En dix-huit mois, l’hémorragie a atteint 1,644 milliard.
Pourtant, l’équipe dirigeante a affiché un bel optimisme lors d’une conférence avec les analystes qui a suivi la publication des résultats financiers. «Le pire est maintenant derrière nous», a affirmé le PDG du groupe, Gilbert Amelio.
«Maintenant que nous avons traversé la période douloureuse, nous pouvons nous consacrer de nouveau à construire de beaux produits qui vont attirer les clients», a ajouté M. Amelio.
En mars, il a annoncé la suppression de 4.100 emplois sur 13.000 et l’abandon ou la cession de toutes les activités considérées comme non essentielles. Quelque 1.750 personnes ont déjà quitté l’entreprise.
Ce plan ainsi qu’un remaniement de la direction destiné à concentrer les efforts d’Apple sur ses marchés clefs (entreprises, édition et enseignement) devraient diminuer les coûts de 500 millions de dollars sur un an, a rappelé M. Amelio.
Les ventes ont continué de reculer au trimestre passé. Le chiffre d’affaires a rétréci à 1,6 milliard de dollars contre 2,1 milliards le trimestre précédent et 2,18 milliards un an auparavant. Apple a vendu 602.000 ordinateurs, un tiers de moins que fin 1996.
La société de Cupertino (Californie) s’enorgueillit aujourd’hui d’un carnet de commande «inhabituellement gonflé», selon son directeur financier, Fred Anderson. Fin mars, la firme à la pomme disposait de plus de 420 millions de dollars de commandes non exécutées.

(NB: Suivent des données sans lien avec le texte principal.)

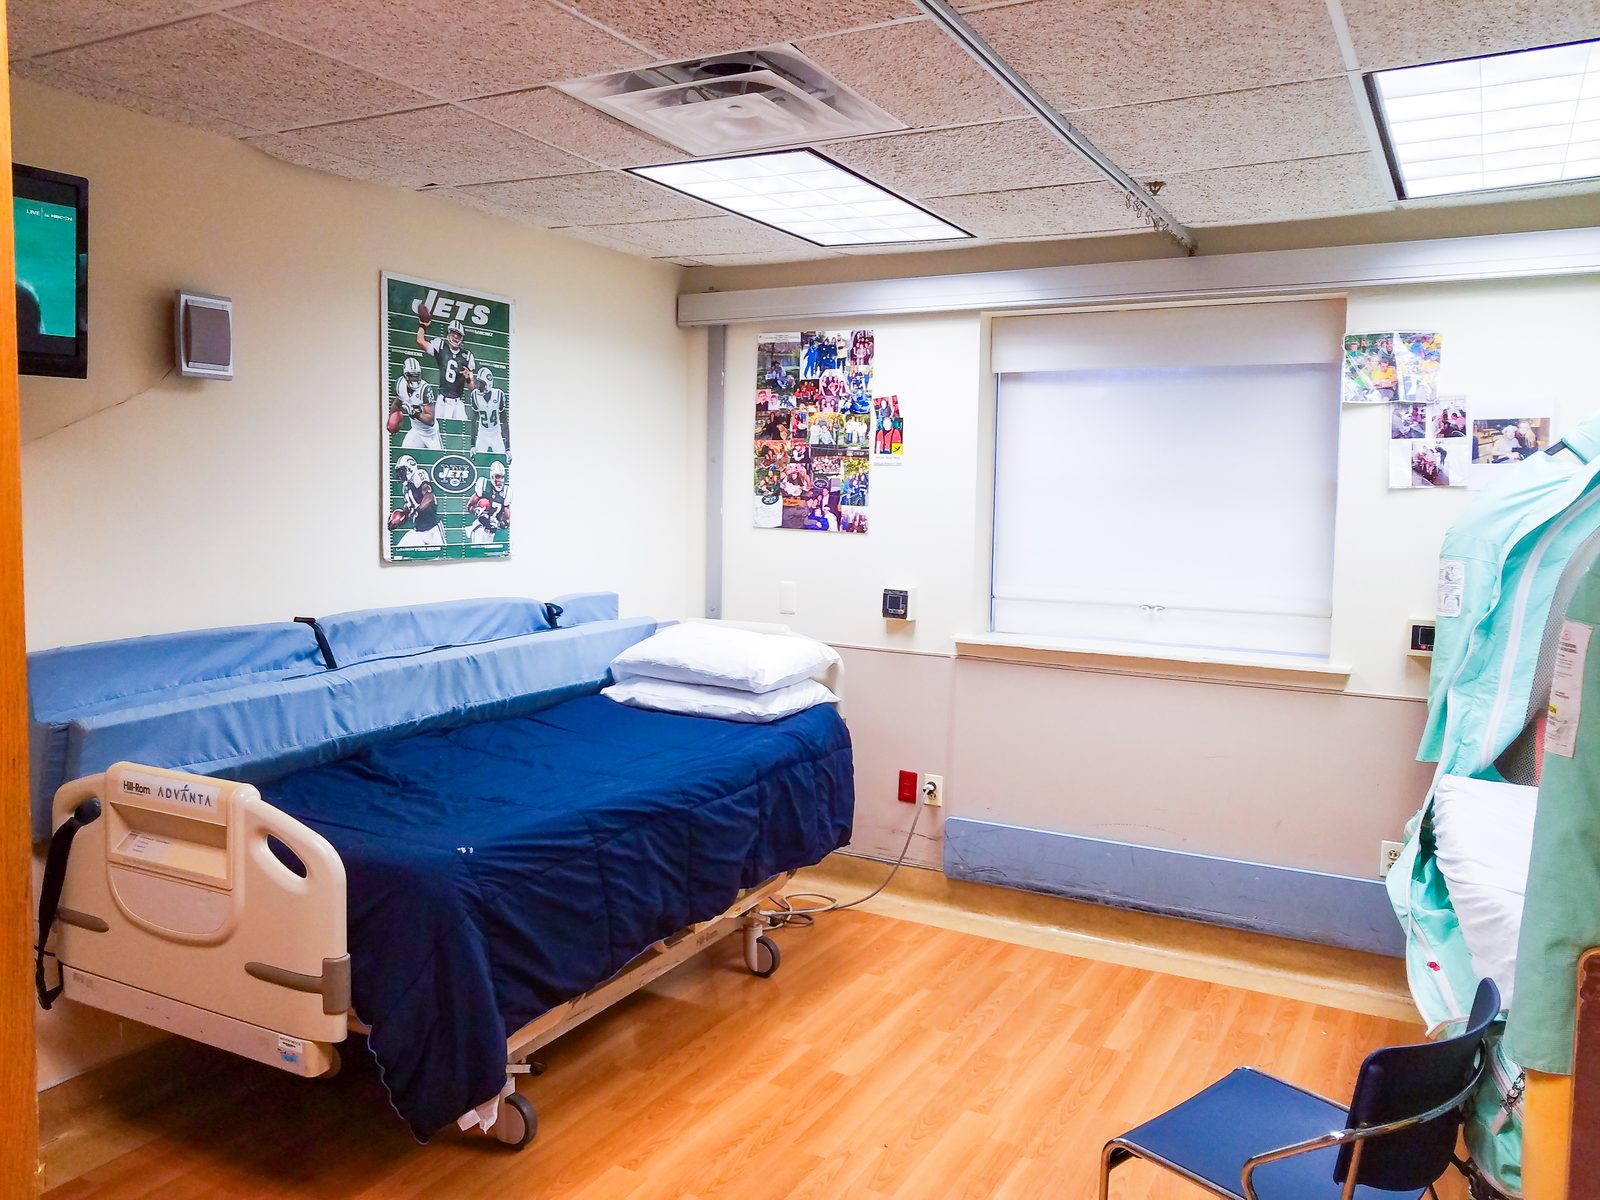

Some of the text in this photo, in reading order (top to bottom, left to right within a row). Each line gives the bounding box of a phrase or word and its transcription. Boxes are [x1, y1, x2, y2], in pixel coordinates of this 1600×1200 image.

Aussi, le groupe estime-t-il pouvoir enregistrer dès le printemps un chiffre d’affaires en hausse avec des pertes «nettement moindres». Le but de retour à l’équilibre d’ici l’automne est maintenu.
Les ordinateurs portables PowerBook, qui avaient largement contribué à la perte surprise de la fin 1996 en raison de problèmes technologiques sur d’anciennes versions, se vendent comme des petits pains et ont compté pour 25% du chiffre d’affaires.
Apple compte beaucoup sur les derniers-nés des PowerMac, les Macintosh haut de gamme destinés aux professionnels, qui constituent l’essentiel du carnet de commande. La demande, notamment de la part des éditeurs, est si forte que le constructeur n’a pas su y répondre.
Ces problèmes, dus à une carence de composants récurrents chez Apple, devraient maintenant être surmontés, a affirmé M. Amelio.
Le groupe a également une réponse à la mévente de ses ordinateurs pour le grand public, dont un grand nombre est resté en stock chez les détaillants. Ils s’agissait de vieux modèles, a expliqué le PDG. Le responsable compte sur l’enthousiasme que ne manqueront pas de susciter, selon lui, les nouveautés dont Apple a commencé cette année d’abreuver le marché.